No. 15 – New Orleans Saints
- Position: Wide receiver
- Roster status: Physically unable to perform

Personal information
- Born: September 27, 2000 (age 25) Akron, Ohio, U.S.
- Listed height: 5 ft 11 in (1.80 m)
- Listed weight: 187 lb (85 kg)

Career information
- High school: Archbishop Hoban (Akron)
- College: Yale (2019–2023)
- NFL draft: 2024: undrafted

Career history
- New Orleans Saints (2024–present);

Awards and highlights
- First-team All-Ivy League (2023); Second-team All-Ivy League (2021);

Career NFL statistics as of 2025
- Receptions: 25
- Receiving yards: 175
- Stats at Pro Football Reference

= Mason Tipton =

American football player (born 2000)

Mason Tipton (born September 27, 2000) is an American professional football wide receiver for the New Orleans Saints of the National Football League (NFL). He played college football for the Yale Bulldogs.

== Early life ==
Tipton grew up in Akron, Ohio, and attended Archbishop Hoban High School. At Hoban, he played football and baseball and was a three-time state football champion. He committed to play college football for the Yale Bulldogs upon concluding his senior season over an offer from Kent State.

== College career ==
Tipton played football at Yale University from 2019 to 2023, appearing in 36 games and making 33 starts. During the 2023 season, Tipton was named a unanimous first-team All-Ivy selection. He finished third in school history in career receiving touchdowns with 19, fifth in career receptions with 132 and sixth in career receiving yards with 2,067.

== Professional career ==

Pre-draft measurables
| Height | Weight | Arm length | Hand span | Wingspan | 40-yard dash | 10-yard split | 20-yard split | 20-yard shuttle | Three-cone drill | Vertical jump | Broad jump | Bench press |
| 5 ft 10+1⁄8 in (1.78 m) | 182 lb (83 kg) | 29+1⁄2 in (0.75 m) | 9+1⁄8 in (0.23 m) | 5 ft 11+1⁄2 in (1.82 m) | 4.34 s | 1.46 s | 2.50 s | 4.22 s | 7.05 s | 37.0 in (0.94 m) | 10 ft 5 in (3.18 m) | 12 reps |
All values from Pro Day

=== 2024 season ===
After not being selected in the 2024 NFL draft, Tipton signed with the New Orleans Saints as an undrafted free agent. Despite growing up as a fan of the Cleveland Browns, Tipton opted to sign with the Saints after meeting with both teams. Tipton was also selected by the Memphis Showboats of the UFL during the 2024 UFL draft, but chose not to sign with them.

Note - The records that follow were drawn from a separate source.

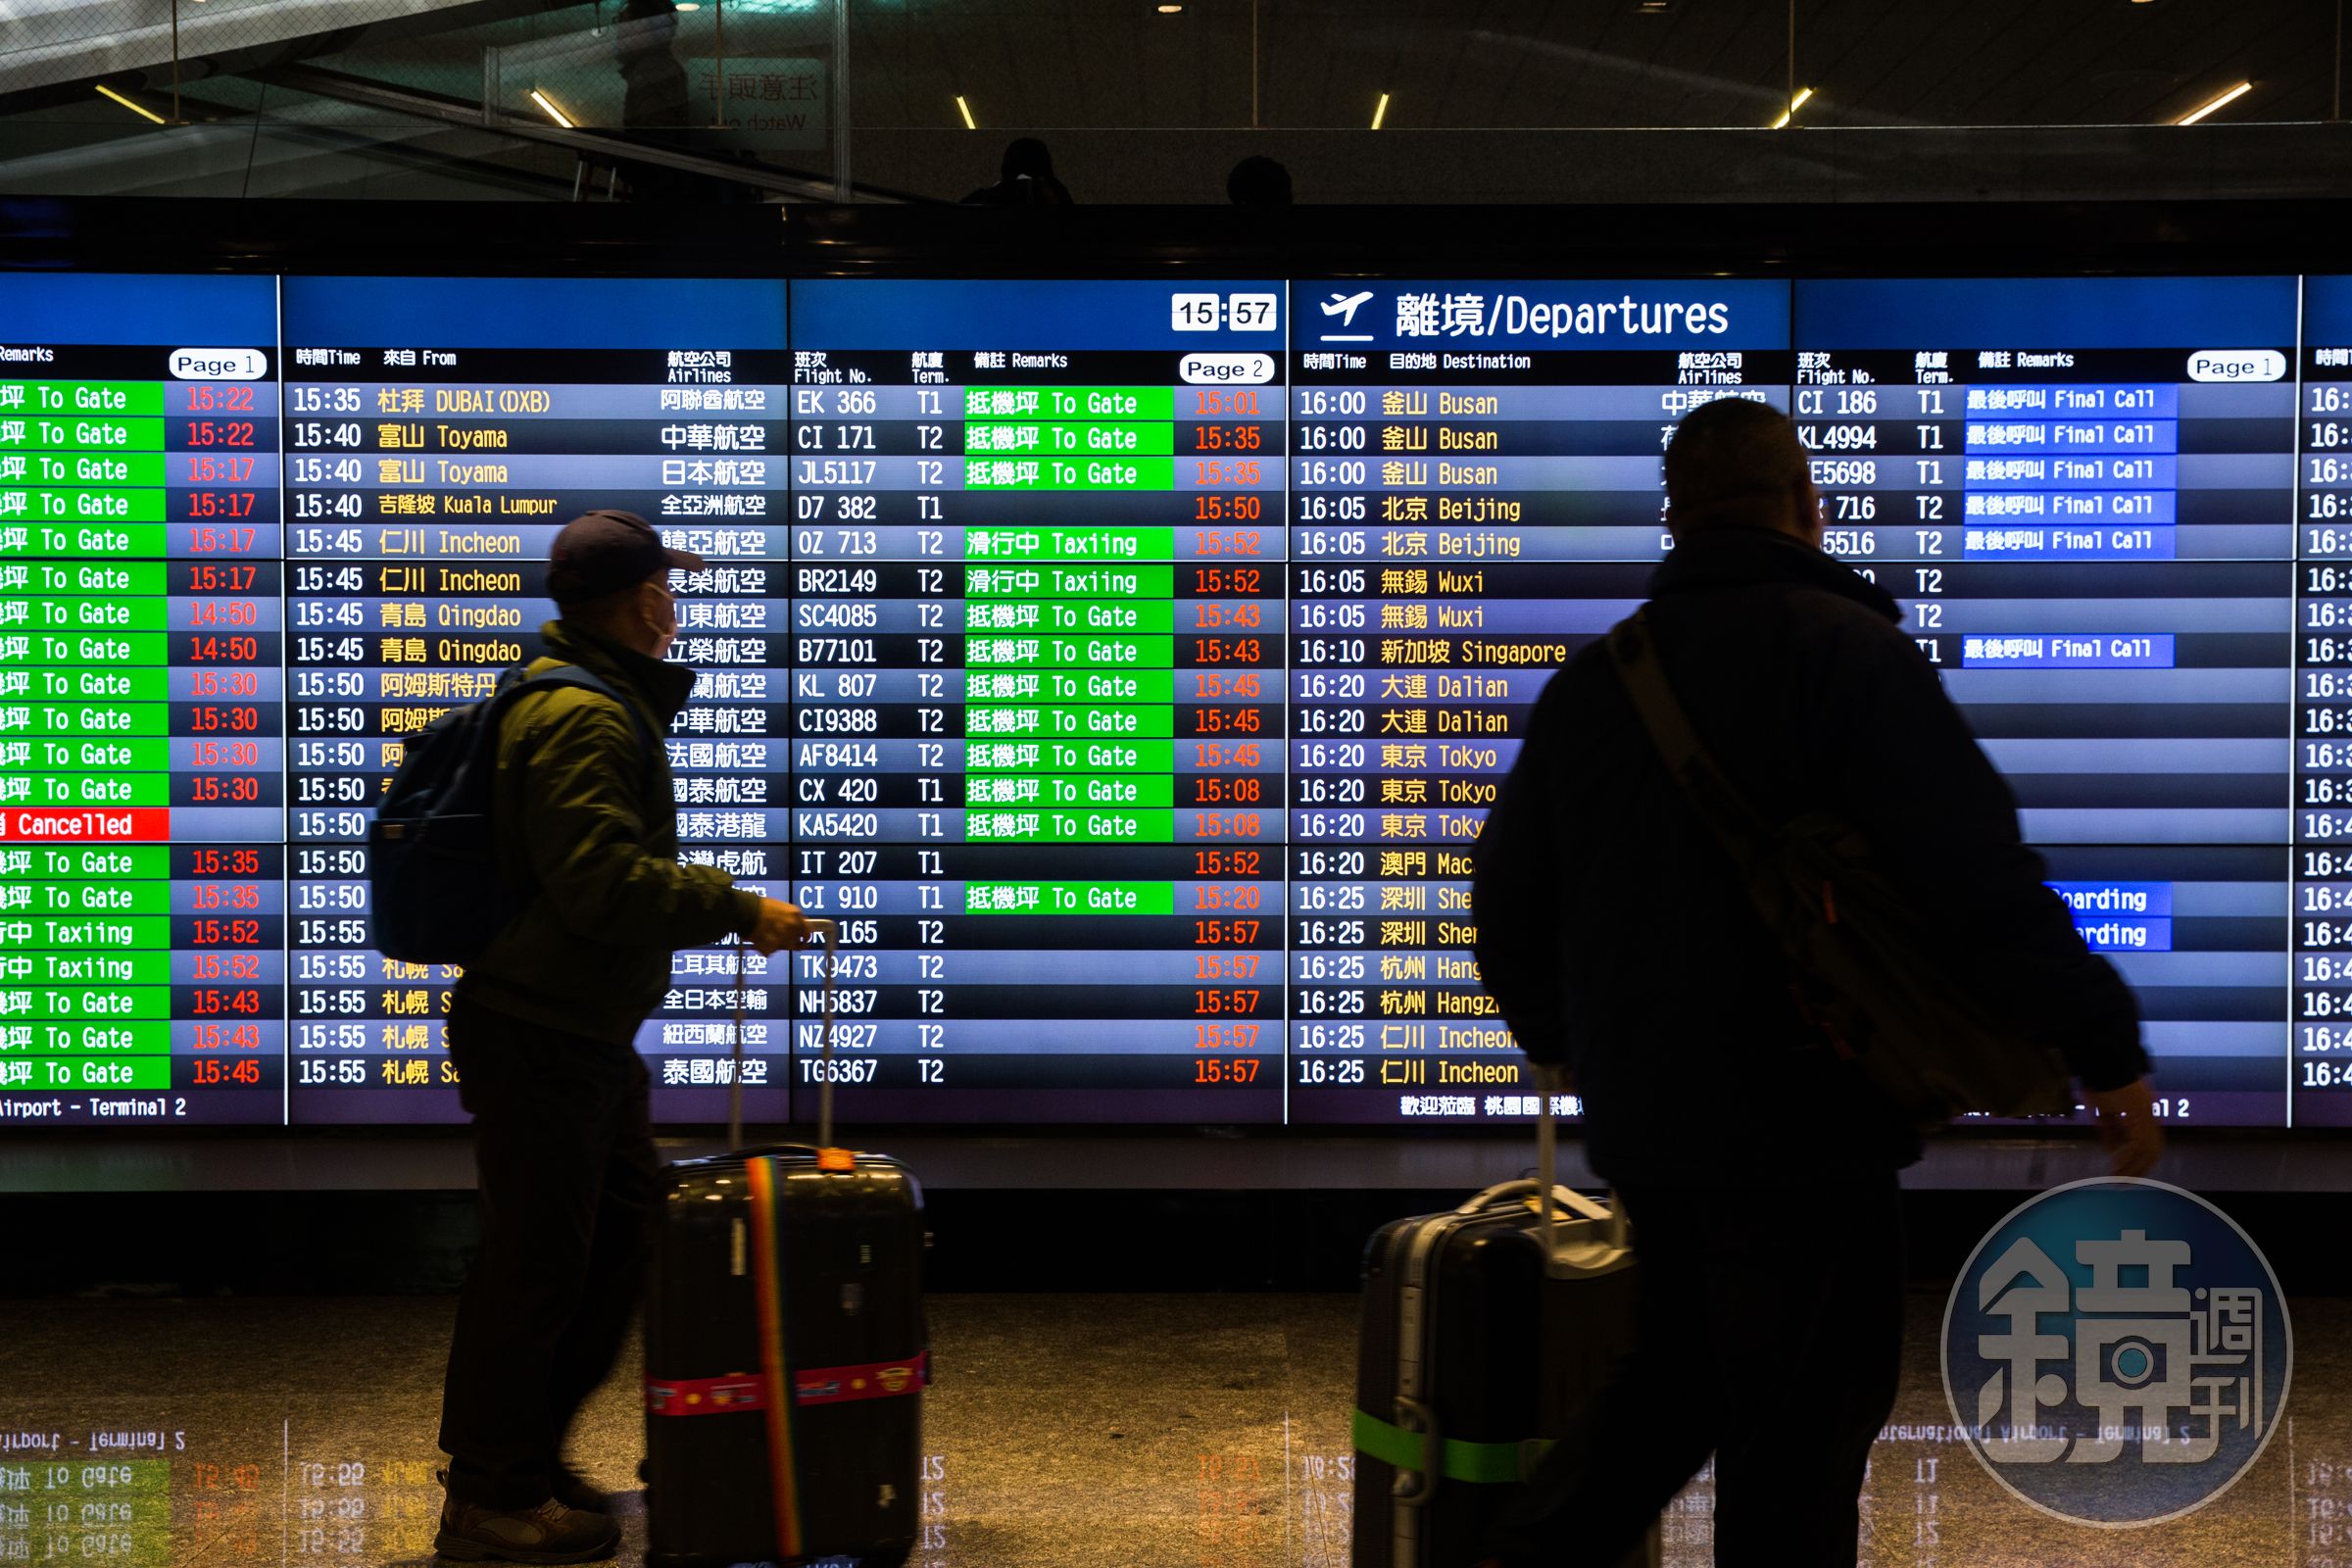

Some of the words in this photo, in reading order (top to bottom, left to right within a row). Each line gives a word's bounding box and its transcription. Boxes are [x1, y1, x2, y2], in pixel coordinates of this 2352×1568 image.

[1176, 298, 1274, 327] 15:57
[1396, 292, 1729, 338] 離境/Departures
[177, 357, 236, 376] Page
[245, 355, 255, 373] 1
[295, 348, 362, 366] 時間Time
[383, 348, 416, 367] 來自
[422, 350, 457, 366] From
[666, 350, 731, 368] 航空公司
[794, 351, 827, 368] 班次
[973, 351, 1006, 369] 備註
[1011, 352, 1068, 368] Remarks
[1303, 352, 1367, 370] 時間Time
[1390, 352, 1438, 369] 目的地
[1443, 353, 1531, 369] Destination
[1678, 352, 1742, 369] 航空公司
[1797, 351, 1831, 369] 班次
[1978, 351, 2012, 368] 備註
[2017, 351, 2075, 368] Remarks
[2196, 359, 2255, 378] Page
[2263, 358, 2273, 376] 1
[667, 368, 732, 383] Airlines
[794, 368, 843, 385] Flight
[849, 368, 872, 384] No.
[911, 368, 950, 384] Term.
[1188, 361, 1245, 381] Page
[1252, 359, 1263, 377] 2
[1678, 368, 1742, 385] Airlines
[1797, 368, 1846, 385] Flight
[1852, 368, 1876, 384] No.
[1915, 368, 1954, 384] Term.
[37, 385, 64, 409] To
[74, 386, 126, 410] Gate
[187, 385, 255, 412] 15:22
[294, 387, 362, 412] 15:35
[377, 387, 425, 414] 杜拜
[436, 389, 551, 414] DUBAI(DXB)
[660, 388, 766, 411] 阿聯酋航空
[798, 390, 825, 415] EK
[837, 390, 877, 415] 366
[916, 390, 943, 415] T1
[965, 390, 1040, 416] 抵機坪
[1051, 391, 1077, 415] To
[1087, 391, 1138, 415] Gate
[1195, 390, 1261, 416] 15:01
[1300, 390, 1366, 415] 16:00
[1382, 390, 1428, 416] 釜山
[1439, 391, 1498, 415] Busan
[1797, 390, 1824, 415] CI
[1837, 390, 1878, 415] 186
[1917, 389, 1944, 415] T1
[1967, 389, 2046, 410] 最後呼叫
[2054, 389, 2105, 409] Final
[2114, 389, 2154, 409] Call
[294, 422, 362, 447] 15:40
[377, 422, 424, 448] 富山
[436, 424, 508, 450] Toyama
[661, 423, 766, 451] 中華航空
[798, 425, 823, 449] CI
[837, 425, 876, 450] 171
[916, 425, 943, 450] T2
[1196, 425, 1261, 450] 15:35
[295, 493, 363, 517] 15:40
[378, 493, 436, 514] 吉隆坡
[444, 495, 492, 514] Kuala
[500, 495, 558, 516] Lumpur
[661, 494, 766, 516] 全亞洲航空
[798, 495, 825, 519] D7
[837, 495, 877, 519] 382
[916, 495, 944, 519] T1
[1195, 496, 1261, 520] 15:50
[1300, 496, 1366, 520] 16:05
[1381, 495, 1428, 521] 北京
[1439, 497, 1521, 522] Beijing
[1965, 495, 2044, 515] 最後呼叫
[2052, 495, 2103, 514] Final
[2112, 495, 2152, 514] Call
[296, 528, 363, 553] 15:45
[378, 528, 425, 555] 仁川
[438, 530, 520, 554] Incheon
[837, 530, 877, 555] 713
[916, 530, 944, 555] T2
[966, 530, 1040, 556] 滑行中
[1052, 532, 1138, 557] Taxiing
[1195, 530, 1261, 556] 15:52
[1299, 568, 1365, 593] 16:05
[1381, 568, 1428, 595] 無錫
[1438, 570, 1483, 593] Wuxi
[1915, 568, 1942, 593] T2
[41, 601, 68, 624] To
[78, 602, 130, 624] Gate
[189, 600, 258, 626] 14:50
[296, 602, 364, 626] 15:45
[379, 602, 427, 628] 青島
[438, 604, 521, 629] Qingdao
[799, 604, 877, 627] SC4085
[1195, 603, 1261, 628] 15:43
[799, 638, 877, 662] B77101
[1299, 639, 1365, 662] 16:10
[1381, 638, 1450, 664] 新加坡
[1461, 640, 1567, 665] Singapore
[1964, 638, 2043, 660] 最後呼叫
[2051, 639, 2101, 658] Final
[2110, 638, 2151, 658] Call
[799, 673, 825, 698] KL
[838, 673, 877, 698] 807
[1299, 673, 1365, 698] 16:20
[1381, 673, 1428, 699] 大連
[1438, 674, 1508, 698] Dalian
[799, 709, 877, 732] CI9388
[1195, 709, 1260, 732] 15:45
[799, 743, 878, 767] AF8414
[1299, 744, 1365, 767] 16:20
[1380, 743, 1428, 768] 東京
[1438, 744, 1496, 769] Tokyo
[18, 812, 133, 836] Cancelled
[298, 811, 366, 836] 15:50
[799, 812, 878, 837] KA5420
[1195, 812, 1261, 837] 15:08
[801, 851, 826, 874] IT
[838, 851, 878, 874] 207
[1380, 851, 1427, 876] 澳門
[1195, 885, 1261, 910] 15:20
[1380, 885, 1426, 911] 深圳
[44, 921, 133, 946] Taxiing
[192, 919, 260, 944] 15:52
[299, 919, 367, 944] 15:55
[1380, 955, 1426, 981] 杭州
[45, 1061, 72, 1084] To
[82, 1061, 134, 1084] Gate
[193, 1059, 260, 1084] 15:45
[299, 1058, 367, 1084] 15:55
[381, 1058, 429, 1085] 札幌
[917, 1058, 944, 1083] T2
[1195, 1058, 1260, 1083] 15:57
[1298, 1059, 1365, 1083] 16:25
[1380, 1058, 1425, 1085] 仁川
[1439, 1060, 1519, 1083] Incheon
[89, 1098, 166, 1116] Terminal
[174, 1097, 186, 1116] 2

After impressing during the Saints' training camp, head coach Dennis Allen compared Tipton to former undrafted free agent and All-Pro Chris Harris Jr., whom Allen coached as the Denver Broncos' defensive coordinator in 2011. Accordingly, he survived the Saints' roster cuts and made the team's initial 53 man roster. He played in 11 games with (including one start) as a rookie, recording 14 catches for 99 yards.

=== 2025 season ===
Tipton entered the 2025 season as one of New Orleans auxiliary wide receivers. Playing in 14 games for the Saints, he recorded 11 catches for 76 scoreless yards, also operating as a kick returner for the team. On January 2, 2026, Tipton was placed on season-ending injured reserve due to a groin injury.

=== 2026 season ===
Tipton began the 2026 season on the PUP list.

==Career statistics==

===NFL===

Legend
| Bold | Career high |

| Year | Team | Games |  | Receiving |  |  |  |  | Fumbles |  |
| GP | GS | Rec | Yds | Avg | Lng | TD | Fum | Lost |
| 2024 | NO | 11 | 1 | 14 | 99 | 7.1 | 15 | 0 | 0 | 0 |
| 2025 | NO | 14 | 3 | 11 | 76 | 6.9 | 12 | 0 | 1 | 0 |
| Career |  | 25 | 4 | 25 | 175 | 7.0 | 15 | 0 | 1 | 0 |

===College===

| Year | Team | GP | Receiving |  |  |  | Rushing |  |  |  |
| Rec | Yds | Avg | TD | Att | Yds | Avg | TD |
| 2019 | Yale | 10 | 91 | 1274 | 14 | 17 | 0 | 0 | 0 | 0 |
| 2020 | Yale | Season canceled due to COVID-19 pandemic |  |  |  |  |  |  |  |  |
| 2021 | Yale | 10 | 97 | 1069 | 11 | 15 | 0 | 0 | 0 | 0 |
| 2022 | Yale | 10 | 99 | 1673 | 16.9 | 17 | 0 | 0 | 0 | 0 |
| 2023 | Yale | 10 | 169 | 2369 | 14.1 | 31 | 1 | 15 | 15.0 | 1 |
| Career |  | 40 | 456 | 6391 | 14 | 180 | 1 | 15 | 15.0 | 1 |

== Personal life ==
Tipton is the son of Lawrence and Angela Tipton. His father played football at Akron. His father was sentenced to two years in federal prison, and his mother was placed on four months of home confinement and probation after they were charged in federal court and pleaded guilty to conspiracy to defraud the United States.